Five ways China is retaliating against U.S. tariffs
- Deepshikha maan
- Feb 4
- 3 min read
Deepshikha Maan, Jadetimes Staff
D. Maan is a Jadetimes news reporter covering Asia

China Strikes Back Against U.S. Tariffs: Key Measures and Their Impact
The trade war between the world's two largest economies has intensified, with China responding to U.S. tariffs by introducing its own countermeasures. Beijing has strategically targeted American goods with retaliatory taxes and other economic actions in response to the blanket 10% tariff imposed by President Donald Trump on all Chinese imports to the U.S.
While this latest escalation is a continuation of the long standing trade dispute that has been ongoing since 2018, a resolution remains uncertain. Trump has stated his intention to negotiate with Chinese President Xi Jinping, but if China proceeds with its planned countermeasures on February 10, significant repercussions could follow.
China’s Retaliatory Tariffs on U.S. Energy Products
One of China's key responses is the introduction of new import taxes on U.S. fossil fuels. These include:
A 10% tariff on U.S. coal and liquefied natural gas (LNG)
A 15% charge on crude oil
This move will make it more expensive for companies to import these resources from the U.S. However, China's dependence on U.S. fossil fuels is minimal. The country, the world’s largest coal importer, primarily sources coal from Indonesia, Australia, Russia, and Mongolia. Meanwhile, although China has increased LNG imports from the U.S. since 2018, these still represent only a fraction of its total energy imports.
Despite the tariffs, China can easily turn to alternative suppliers, particularly Russia, which has been selling oil at discounted rates amid its ongoing conflict with Ukraine.

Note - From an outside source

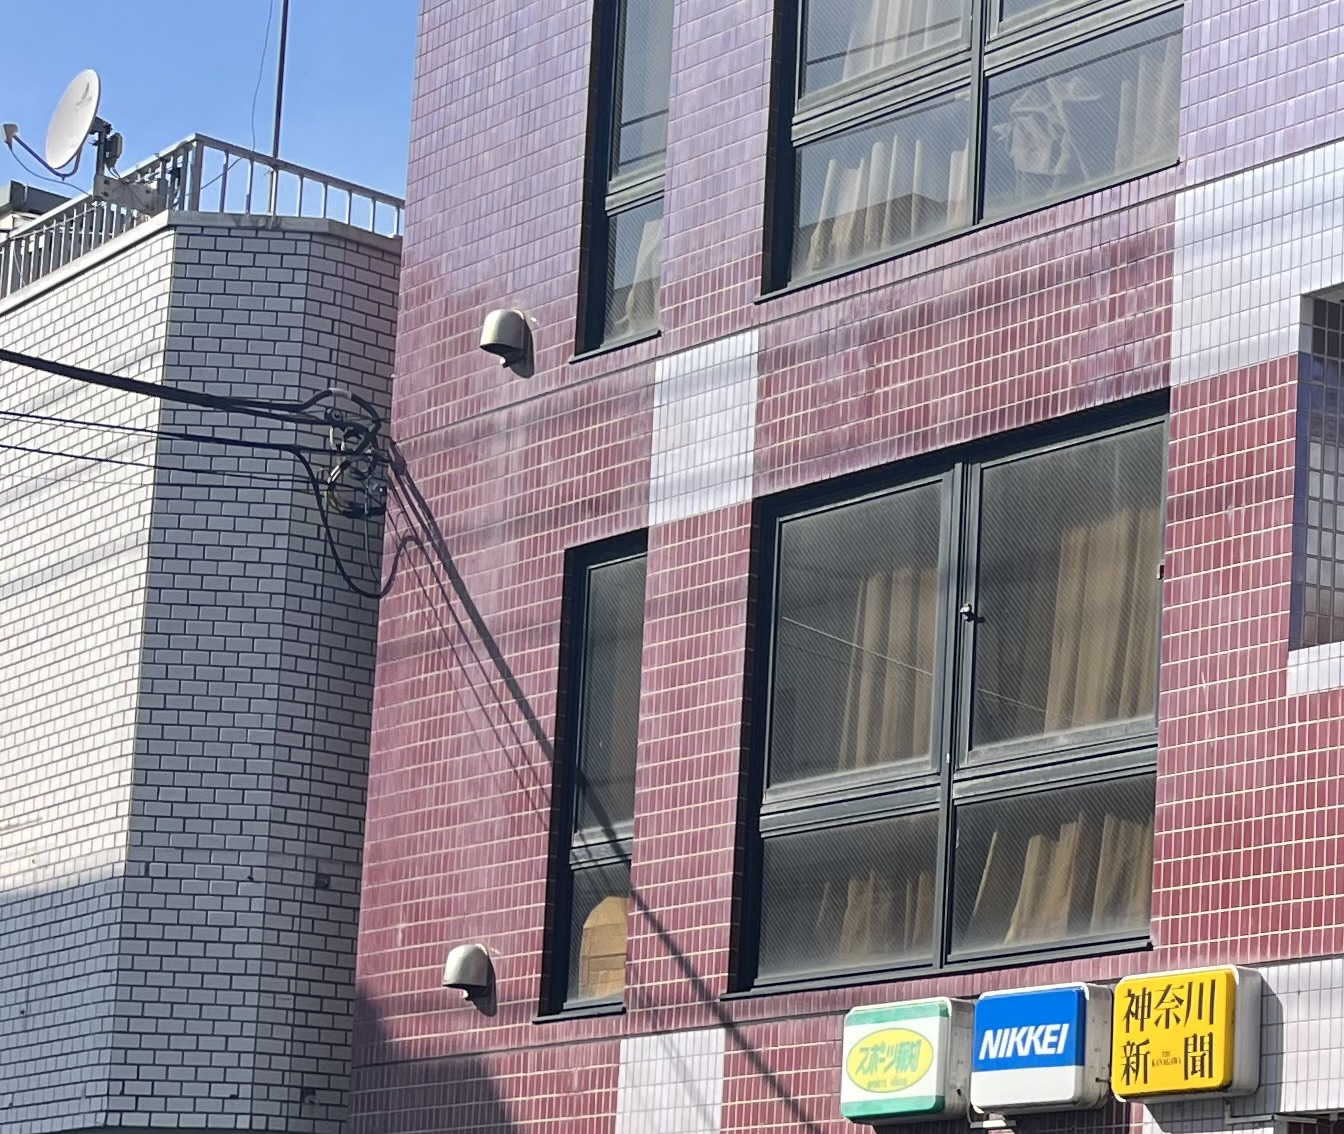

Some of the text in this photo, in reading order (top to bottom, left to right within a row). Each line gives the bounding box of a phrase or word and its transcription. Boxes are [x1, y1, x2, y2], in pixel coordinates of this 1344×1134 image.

On the other hand, the U.S. remains the world's largest LNG exporter and has strong trade relationships with alternative buyers such as the UK and the European Union.
Tariffs on U.S. Agricultural Machinery and Automobiles
In addition to energy products, China has imposed a 10% tariff on agricultural machinery, pick up trucks, and some large cars imported from the U.S. However, the impact of these tariffs is expected to be limited:
Automobile imports: China does not rely heavily on U.S. pick up trucks or vehicles, as most of its car imports come from Europe and Japan.
Agricultural machinery: China has been investing heavily in domestic farm equipment production to enhance self sufficiency and food security, making reliance on U.S. imports less critical.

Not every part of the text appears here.